I wonder what Bishop Marcel Lefebvre would make of Cardinal Raymond Burke celebrating the pre–Vatican II “Latin Mass” in St. Peter’s Basilica on October 25. Lefebvre, of course, was a seminal figure in traditionalist Catholicism, who early on distanced himself from the reforms of Vatican II and in 1970 founded the Society of Saint Pius X (SSPX) to train traditionalist seminarians. The SSPX was canonically suppressed by the Holy See in 1975, but Lefebvre termed the action illegal and decided to ignore it. Then, in 1988, Pope John Paul II declared that Lefebvre was automatically excommunicated for consecrating four bishops that year without the Vatican’s permission.
The years between 1970 and 1988 were an uncertain period of negotiations between Lefebvre and Rome as it tried to contain a visible but fairly small movement. In July 1977, the year after the publication of his pamphlet I Accuse the Council!, in which he called Vatican II “the Yalta agreement of the Church with its worst enemies [and], in reality, a new betrayal of Our Lord Jesus Christ and His Church,” Lefebvre embarked on a tour of the Americas, including the United States. Mexico refused him entry; governments in other countries prohibited him from holding public Masses, and he was subjected to strong criticism from Church hierarchs in Argentina, Brazil, Chile, and Colombia.
That was almost fifty years ago, when Catholic traditionalism was led by a French prelate based in Switzerland, with a global but small following and a theological posture defending the tradition unadulterated by Vatican II. Today, the traditionalist movement is still small, but less marginal than it was in the 1970s, and its geographical center of gravity has shifted from French-speaking Europe to the United States. Its normalization relies on, and parallels, the crisis of faith in our liberal and democratic systems.

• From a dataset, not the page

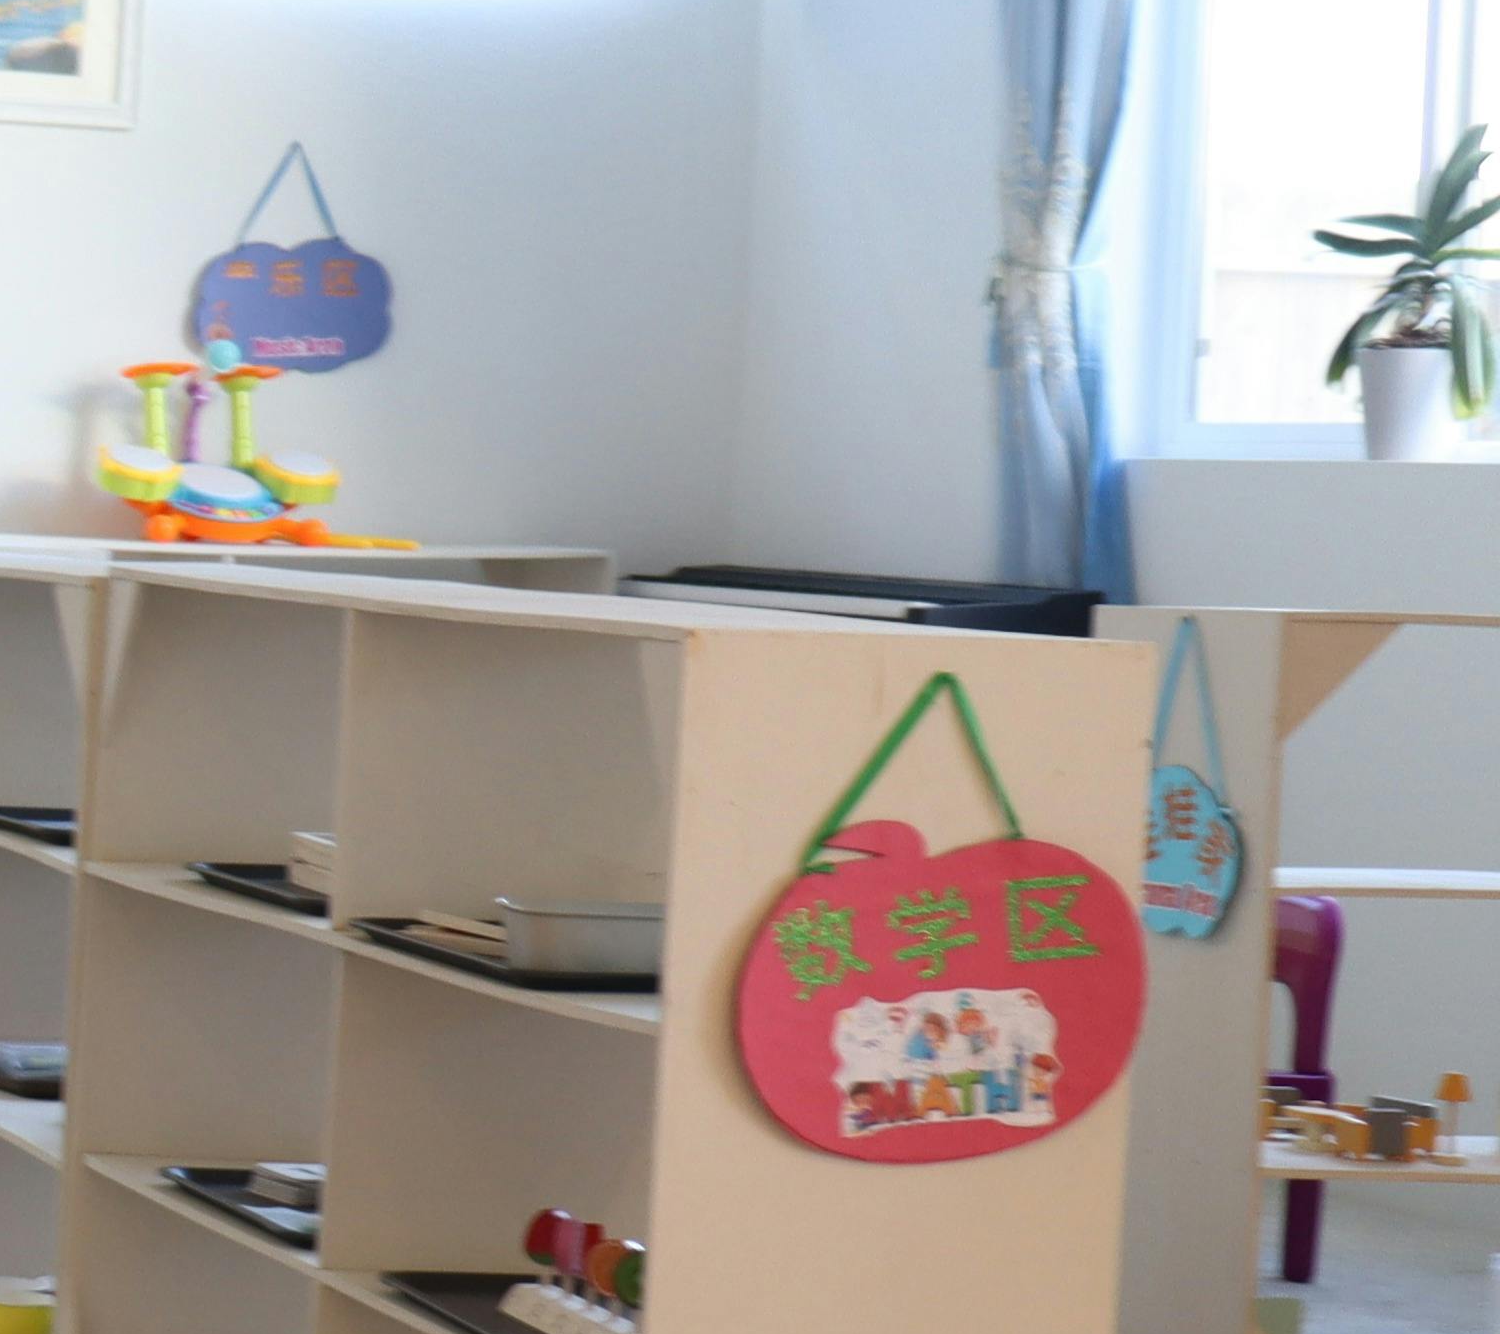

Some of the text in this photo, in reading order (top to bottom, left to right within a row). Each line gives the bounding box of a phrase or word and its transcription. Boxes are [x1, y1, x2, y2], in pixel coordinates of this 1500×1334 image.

[771, 876, 1102, 1002] 数学区
[868, 1069, 1021, 1123] MATH

Living in the United States for twenty years, I observed the rise of Catholic traditionalism in a country consequential for the global Church. In articles I wrote for Commonweal, I looked at the trajectories of the traditionalist movement: the differences between the early post–Vatican II French-speaking traditionalism and the new English-speaking and American neotraditionalism; the connections between nineteenth-century integralism and contemporary political illiberalism; and the anti-Roman turn of American Catholic traditionalism during Francis’s pontificate. We may now be facing a new chapter in the history of Catholic traditionalism. With the death of Benedict XVI on the last day of 2022, traditionalism’s adherents lost the most powerful advocate in favor of their liturgical agenda. The embattled implementation of Pope Francis’ motu proprio Traditionis custodes, which restricts the celebration of the Tridentine Mass of the Roman Rite, became the showdown Benedict never imagined. His dream of a virtuous coexistence between the two forms of the Mass (expressed in his letter to the bishops in 2007, on the same day of the publication of Summorum Pontificum) was never realized: “It is a matter of coming to an interior reconciliation in the heart of the Church.” The opposite occurred. The death of Francis and the election of Leo XIV have raised hopes among traditionalists that a reversal of Traditionis custodes is in the offing.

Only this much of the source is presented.